Due to the unsettled nature of this area of law and its increasing importance, this is an area that is certain to have further developments. Trial counsel should check in from time to time with the State Bar’s website to stay updated on changes. In the meantime, don’t forget to Google your client—you never
know what you might find.


[1] See California Civil Jury Instructions, CACI 100.

[2] When Reuters monitored Twitter activity based upon the search term “jury duty,” results popped up “at the astounding rate of one nearly every three minutes.” While many were innocuous, “a significant number” contained blunt statements about substantive issues such as guilt or innocence in criminal trials. Reuters found that between January 2009 and December 2010, judges granted new trials or overturned verdicts in 21 cases. Even where judges declined to declare mistrials, Internet-related juror misconduct was found to have occurred in three-fourths of cases where verdicts were challenged on such bases. See http://www.reuters.com/article/internet-jurors-idUSN0816547120101208. However, there is one recent survey of federal judges by the Federal Judicial Center that concluded that juror use of social media during trial was not a widespread problem. See http://www.uscourts.gov/news/2014/07/29/survey-finds-infrequent-social-media-use-jurors.

[3] See http://jurorsbehavingbadly.blogspot.com/.

[4] “Web Offers Pearls of Wisdom, but also Legal Tangles” by Diane Karpman, California Bar Journal, August 2013. See http://www.calbarjournal.com/August2013/EthicsByte.aspx.

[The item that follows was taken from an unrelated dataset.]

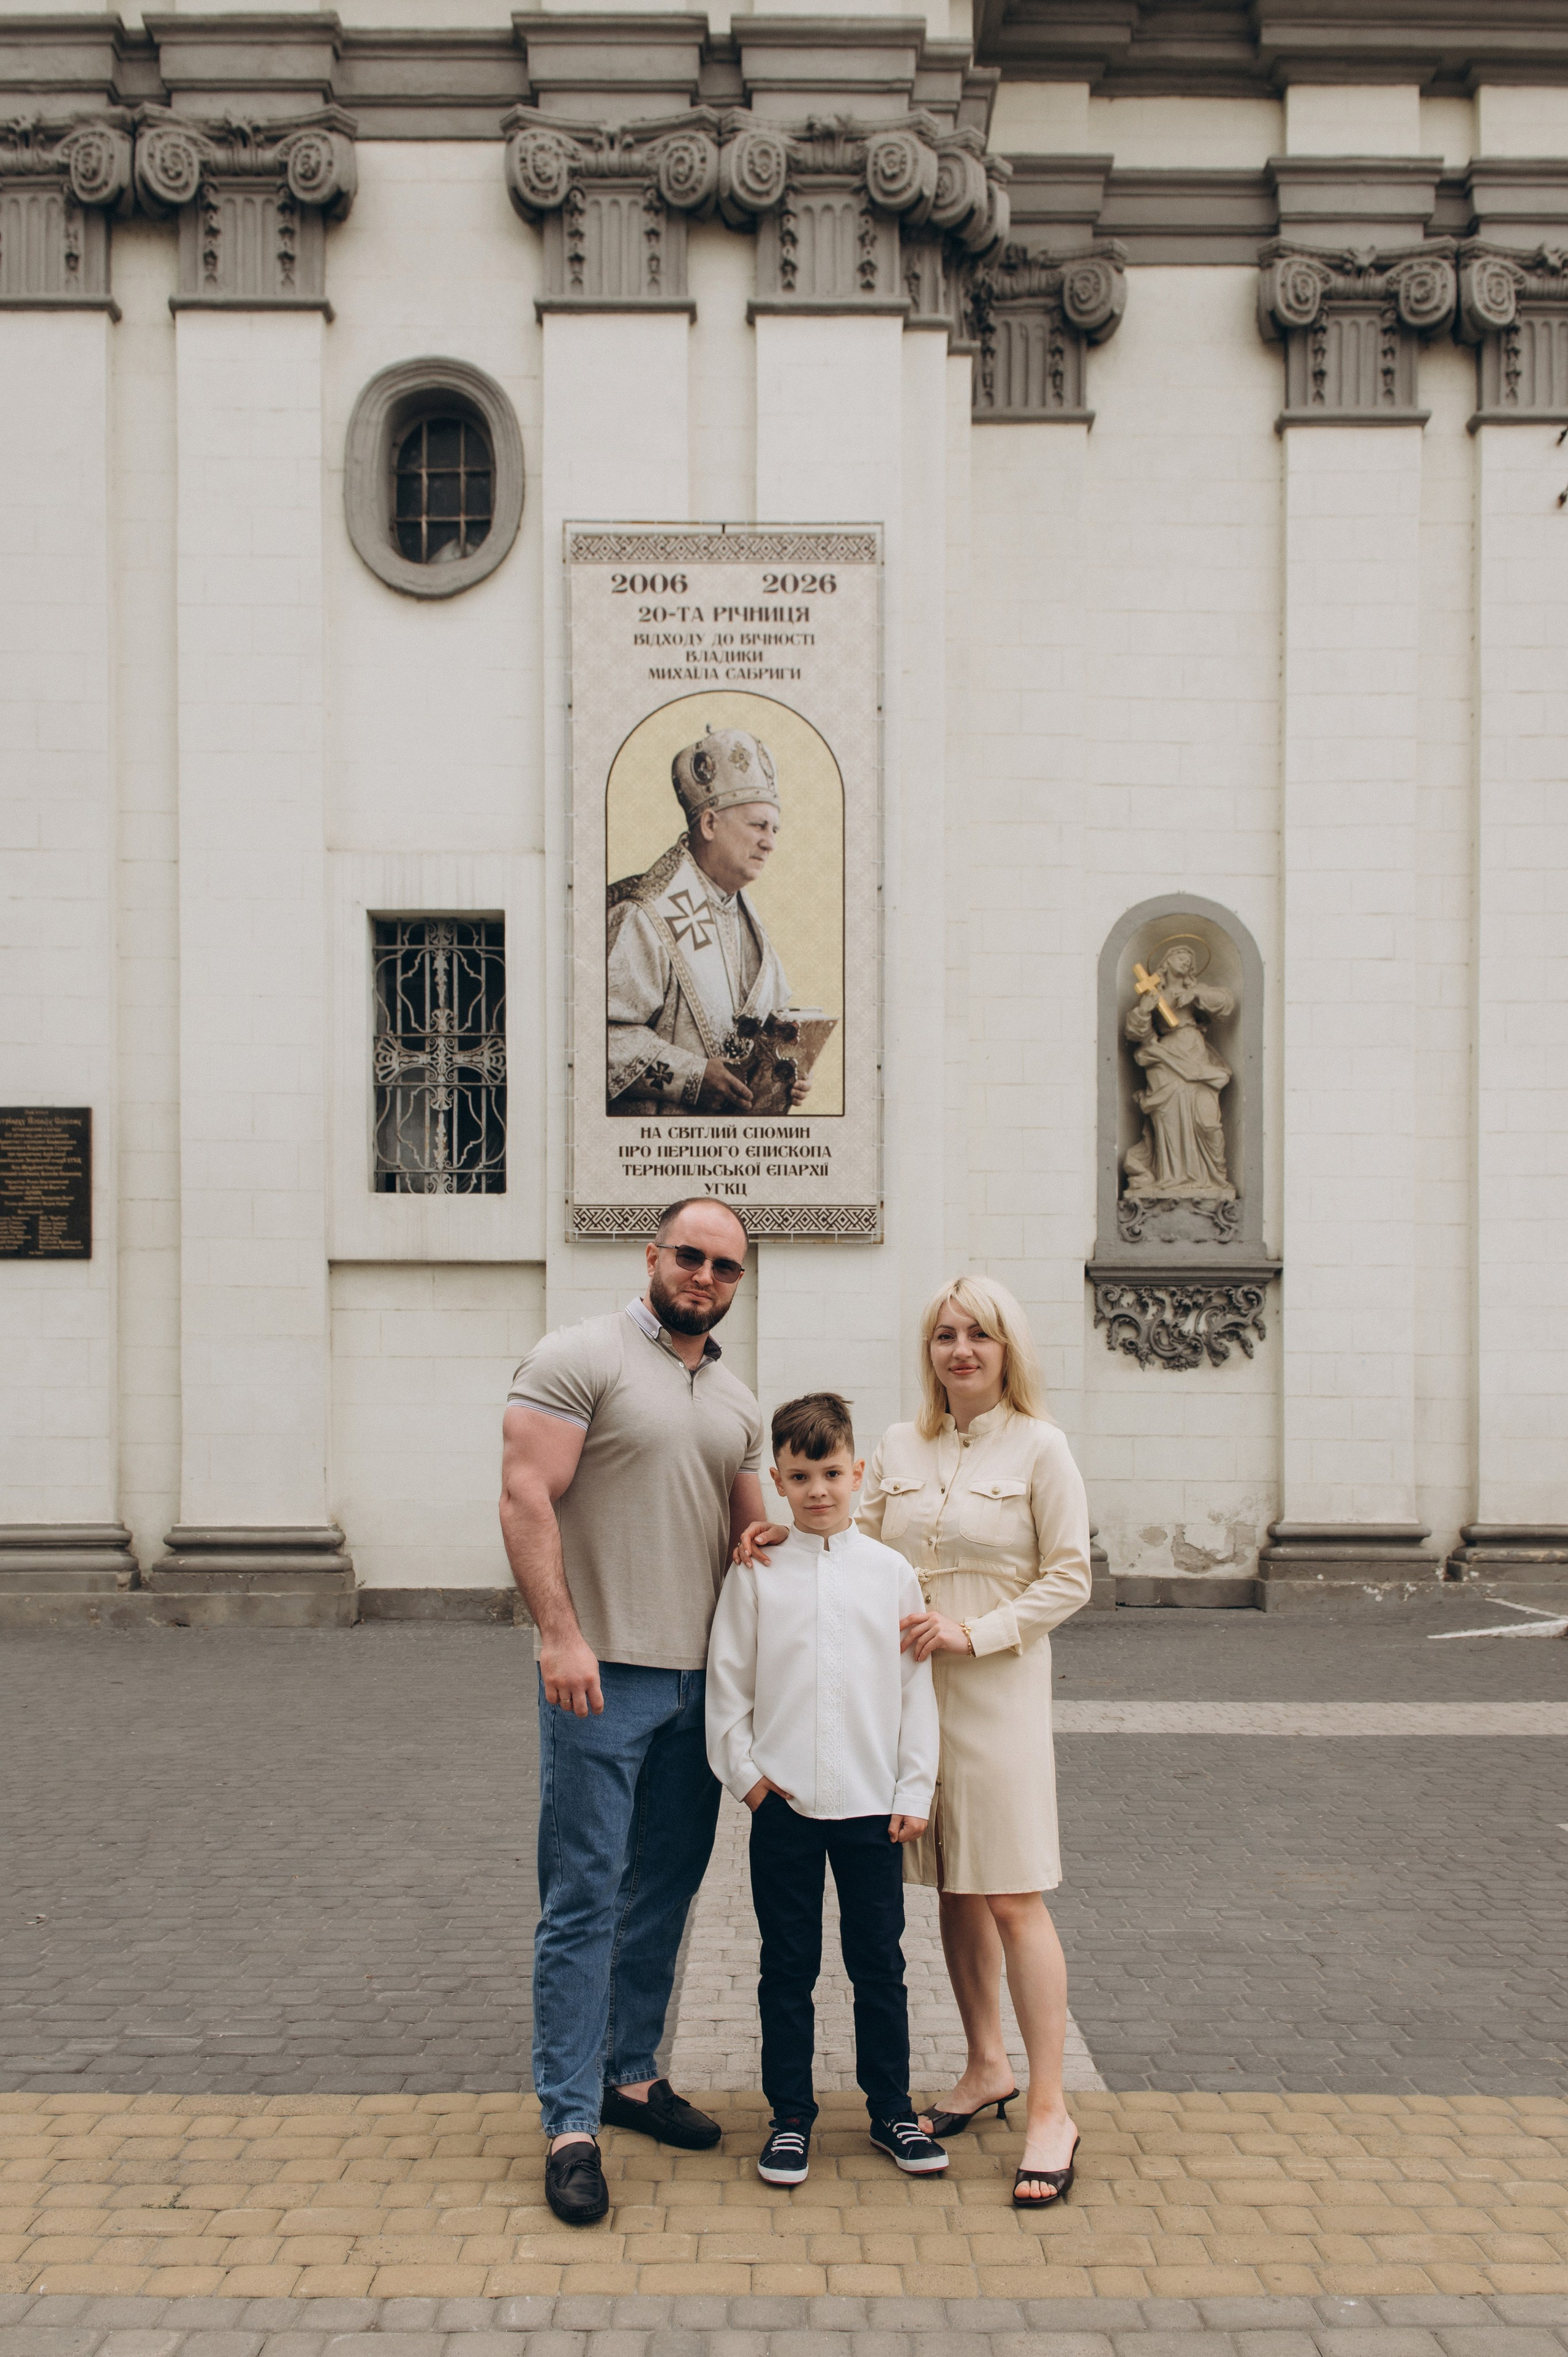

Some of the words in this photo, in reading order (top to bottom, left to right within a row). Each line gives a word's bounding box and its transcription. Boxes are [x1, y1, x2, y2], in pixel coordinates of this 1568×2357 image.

[5] “Social Media and Spoliation – Can a Client Delete Her Facebook Posts?” by Scott McConchie, National Law Review, September 29, 2014.

[6] See http://ethics.calbar.ca.gov/Ethics/EthicsTechnologyResources/SocialMedia.aspx.

[7] New York County Law Association Formal Opinion 745; Philadelphia Bar Ass’n. Guidance Comm. Op. 2014-5 (2014).

[8] “Social Media Use by Jurors in the Courtroom: How Facebook and Twitter Could Affect Your Jury Trial” by William Pfeifer. See http://law.about.com/od/trialtechniques/a/Social-Media-Use-By-Jurors-In-The-Courtroom.htm.

[9] Counsel may access an adverse party’s social media page to the extent accessible to all network members, but may not send an access request to obtain restricted information (i.e., a “friend request” in Facebook parlance). New York State Bar Association Ethics Opinion. 843 (2010); ABA Formal Opinion 466: Lawyer Reviewing Jurors’ Internet Presence. See also, San Diego County Bar Association Ethics Opinion 2011-2, which contains similar analysis but involved a represented party. However, compare the New York City Bar Association Formal Opinion 2010-2 which allows friend requests as long as not deceptive.

[10] “Social Media Use by Jurors in the Courtroom: How Facebook and Twitter Could Affect Your Jury Trial” by William Pfeifer. See http://law.about.com/od/trialtechniques/a/Social-Media-Use-By-Jurors-In-The-Courtroom.htm.

[11] See http://www.cnn.com/2011/09/20/tech/social-media/social-media-jurors-murray/.

[12] “Web Offers Pearls of Wisdom, but also Legal Tangles” by Diane Karpman, California Bar Journal, August 2013. See http://www.calbarjournal.com/August2013/EthicsByte.aspx.

[13] Johnson v. McCullough (Mo. 2010) 306 S.W.3d 551.